QUESTION: I bought a house a mile from my primary residence with the specific intent of renting it in the future to my daughter. If my daughter lives in the house this year and pays the utilities in her name (but pays no rent), does the house still qualify as a second residence?
ANSWER: Yes, you are considered to have personally used the second property all year because your daughter used it as her primary residence. Accordingly, you may deduct the entire amount of the property tax and mortgage interest as itemized deductions.
Q: If I hire people to work in my yard or do housekeeping, is there a limit to the amount I can pay them without having to fill out 1099s like an employer does? And if there is a limit, does it only apply for one person, or can I hire another for the same limit for a different type of work?
A: When a taxpayer hires people to work in and around his/her personal household — such as housekeepers, baby sitters, gardeners and yard workers — those workers may be considered employees.
Although you usually do not need to complete a Form 1099 for paid work that is performed in and around your home, you may need to issue a Form W-2, Wage and Tax Statement. You also may be responsible for withholding and paying employment taxes on wages paid to workers who qualify as your employees.
Usually a household worker is considered an employee if the payer can control both what work is done and how it is done. If the worker controls how the work is done, the worker is normally considered self-employed and not an employee.

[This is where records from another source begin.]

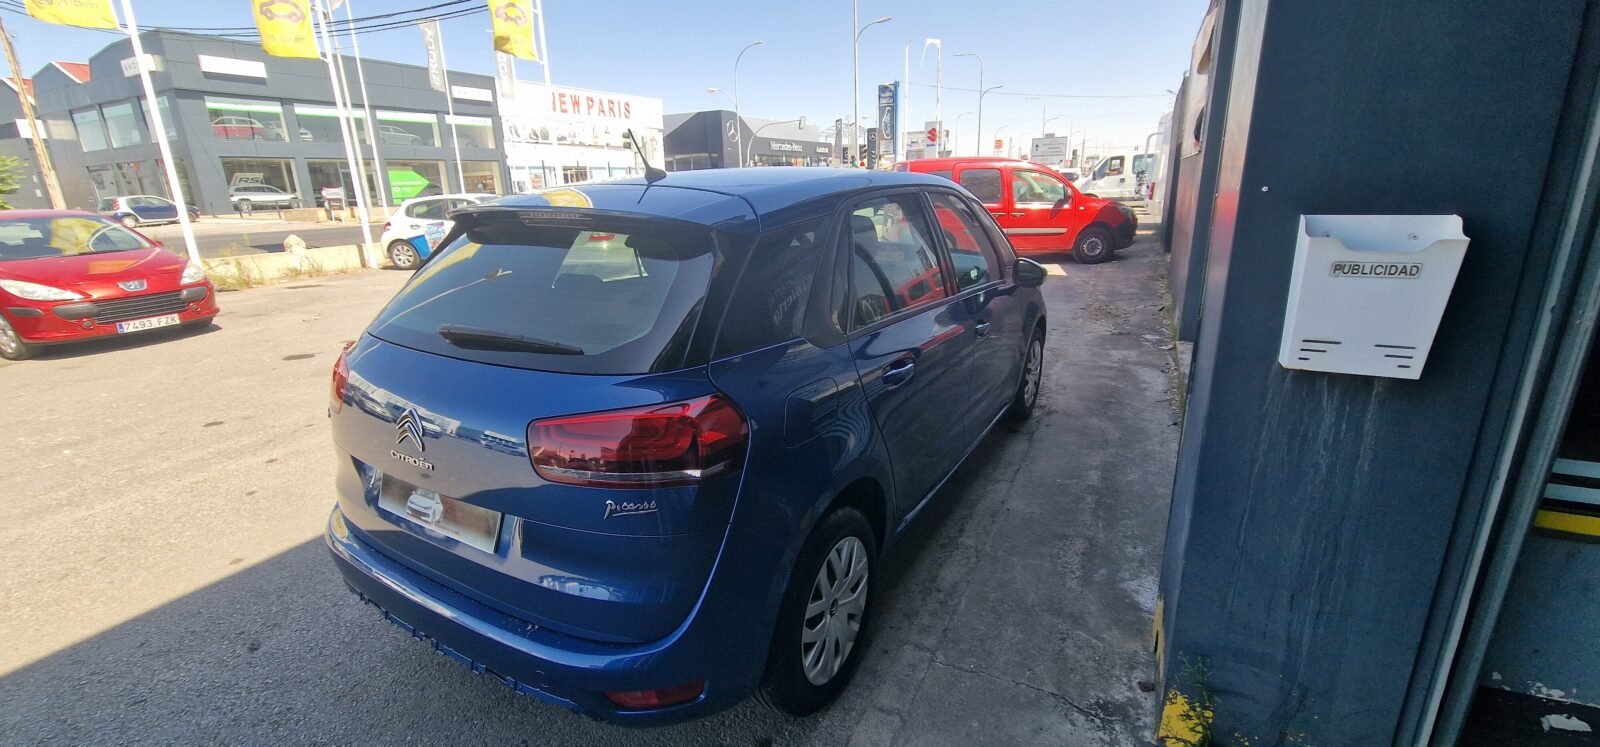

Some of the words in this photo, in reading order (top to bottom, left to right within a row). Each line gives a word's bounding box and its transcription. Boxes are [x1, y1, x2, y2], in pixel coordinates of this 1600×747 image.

[586, 96, 631, 119] PARIS
[238, 176, 261, 184] RS
[1332, 263, 1420, 277] PUBLICIDAD
[124, 319, 153, 332] 7493
[157, 316, 178, 327] FZK
[603, 499, 658, 520] Picasso

For example, (individuals) who work in your home like carpenters, builders and plumbers are normally self-employed, independent contractors and are not employees. Self-employed workers usually provide their own tools and offer their services to the general public.
To answer your question about the payment threshold: If you pay an individual household employee cash wages (including wages paid by check or money order) of more than $1,700 in 2010, you generally must withhold Social Security and Medicare taxes from all cash wages.
You have the option to pay your employee's share of taxes from your own funds rather than withhold it from their salary. You are not required to withhold federal income tax from wages you pay to a household employee, unless your employee asks you to withhold income tax and you agree. In some situations, you also may be responsible to pay federal unemployment taxes on a portion of the cash wages.
If you must withhold and pay Social Security and Medicare taxes, or if you withhold federal income tax, you will need to file a Form W-2 for each employee after the end of the year. In that situation you will also need to file a Schedule H, Household Employment Taxes, after the end of the year with your Form 1040 individual income tax return.